Near-Infrared Laser-Responsive Erythrocyte Membrane Camouflaged Nanoparticles for Chemo-Photodynamic Therapy of Breast Cancer

The effectiveness of chemotherapy as a primary approach in cancer treatment is under scrutiny due to the rise of multidrug resistance (MDR). Biomimetic technology presents numerous opportunities for the development of therapeutic platforms that exhibit enhanced performance in antitumor therapy and address the limitations of traditional chemotherapy. In this study, an erythrocyte membrane (EM)-camouflaged biomimetic nanodrug delivery platform, namely B-Lip@PTX/Cur/Ce6, capable of simultaneously delivering paclitaxel (PTX, a chemotherapeutic agent), curcumin (Cur, a P-gp inhibitor), and chlorin e6 (Ce6, a photosensitizer), was introduced for synergistic chemo-photodynamic therapy. With near-infrared laser irradiation, B-Lip@PTX/Cur/Ce6 has been found to induce the production of reactive oxygen species (ROS), thereby triggering both photodynamic therapy (PDT) and hybrid cell membrane disruption for controlled release of PTX/Cur.

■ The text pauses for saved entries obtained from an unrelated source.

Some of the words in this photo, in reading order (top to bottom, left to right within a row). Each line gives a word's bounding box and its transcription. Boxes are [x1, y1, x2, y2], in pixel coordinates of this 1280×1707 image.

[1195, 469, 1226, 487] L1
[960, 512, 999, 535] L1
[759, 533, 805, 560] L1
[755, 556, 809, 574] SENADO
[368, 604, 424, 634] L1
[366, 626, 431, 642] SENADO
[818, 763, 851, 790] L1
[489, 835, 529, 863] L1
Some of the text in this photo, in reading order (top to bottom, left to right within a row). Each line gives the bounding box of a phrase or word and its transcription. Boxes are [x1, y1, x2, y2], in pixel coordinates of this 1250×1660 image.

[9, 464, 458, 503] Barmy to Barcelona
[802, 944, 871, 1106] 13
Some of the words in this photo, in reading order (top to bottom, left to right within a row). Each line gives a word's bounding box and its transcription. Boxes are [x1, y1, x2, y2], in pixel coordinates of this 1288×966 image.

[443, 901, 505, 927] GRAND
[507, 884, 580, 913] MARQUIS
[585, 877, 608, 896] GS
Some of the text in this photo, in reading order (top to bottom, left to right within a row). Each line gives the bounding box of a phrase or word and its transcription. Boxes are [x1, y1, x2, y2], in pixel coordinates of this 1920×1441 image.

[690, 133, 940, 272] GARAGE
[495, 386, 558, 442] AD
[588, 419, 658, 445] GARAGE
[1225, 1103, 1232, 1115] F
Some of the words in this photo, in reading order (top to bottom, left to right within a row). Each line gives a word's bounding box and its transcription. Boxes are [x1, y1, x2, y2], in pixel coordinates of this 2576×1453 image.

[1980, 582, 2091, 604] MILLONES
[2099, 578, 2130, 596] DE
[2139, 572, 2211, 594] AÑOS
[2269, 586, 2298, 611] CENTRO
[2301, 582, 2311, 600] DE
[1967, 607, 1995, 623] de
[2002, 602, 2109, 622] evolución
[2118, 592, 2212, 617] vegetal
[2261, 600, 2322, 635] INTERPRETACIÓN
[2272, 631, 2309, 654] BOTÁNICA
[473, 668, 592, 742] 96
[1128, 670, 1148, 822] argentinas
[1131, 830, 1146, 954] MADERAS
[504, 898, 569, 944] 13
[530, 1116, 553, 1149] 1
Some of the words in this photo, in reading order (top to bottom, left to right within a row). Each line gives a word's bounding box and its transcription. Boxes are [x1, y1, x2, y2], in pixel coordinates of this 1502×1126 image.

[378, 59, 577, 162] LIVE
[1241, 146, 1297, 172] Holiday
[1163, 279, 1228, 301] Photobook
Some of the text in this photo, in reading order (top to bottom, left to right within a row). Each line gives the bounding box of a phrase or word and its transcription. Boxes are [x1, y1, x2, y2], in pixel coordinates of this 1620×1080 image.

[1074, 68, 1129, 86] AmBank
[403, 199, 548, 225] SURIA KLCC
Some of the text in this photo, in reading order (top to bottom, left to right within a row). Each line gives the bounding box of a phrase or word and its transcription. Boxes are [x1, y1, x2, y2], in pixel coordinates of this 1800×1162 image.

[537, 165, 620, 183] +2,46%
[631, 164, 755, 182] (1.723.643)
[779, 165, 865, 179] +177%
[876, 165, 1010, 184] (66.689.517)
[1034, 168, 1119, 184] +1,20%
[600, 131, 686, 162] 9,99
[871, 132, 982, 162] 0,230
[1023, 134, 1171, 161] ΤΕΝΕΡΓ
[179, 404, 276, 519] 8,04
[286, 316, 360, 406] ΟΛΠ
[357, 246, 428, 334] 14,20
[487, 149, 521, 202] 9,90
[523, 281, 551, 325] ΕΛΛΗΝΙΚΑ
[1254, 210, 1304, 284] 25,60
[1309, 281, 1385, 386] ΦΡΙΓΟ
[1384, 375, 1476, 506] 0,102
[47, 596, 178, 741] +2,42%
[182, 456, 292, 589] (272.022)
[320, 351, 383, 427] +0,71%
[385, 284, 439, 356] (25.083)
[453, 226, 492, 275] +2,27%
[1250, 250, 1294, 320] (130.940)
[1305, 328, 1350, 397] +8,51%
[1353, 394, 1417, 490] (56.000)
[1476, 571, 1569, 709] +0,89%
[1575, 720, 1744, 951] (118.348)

Furthermore, in vitro cytotoxicity has demonstrated the ability of Cur in B-Lip@PTX/Cur/Ce6 to reverse MDR by enhancing the inhibitory impact of PTX on MCF-7/ADR cells. By employing the EM coating strategy, B-Lip@PTX/Cur/Ce6 could demonstrate favorable biocompatibility, while also exhibiting prolonged circulation time in the bloodstream, which would be beneficial to long-term accumulation at the tumor sites. Notably, the innovative biomimetic platform demonstrates successful inhibition of MDR and exhibits efficacy in combating tumors through enhanced chemo-photodynamic therapy. The integration of the versatile nanoscopic drug delivery system results in an augmentation of the therapeutic activity against cancer and holds promising potential for treating breast cancer effectively.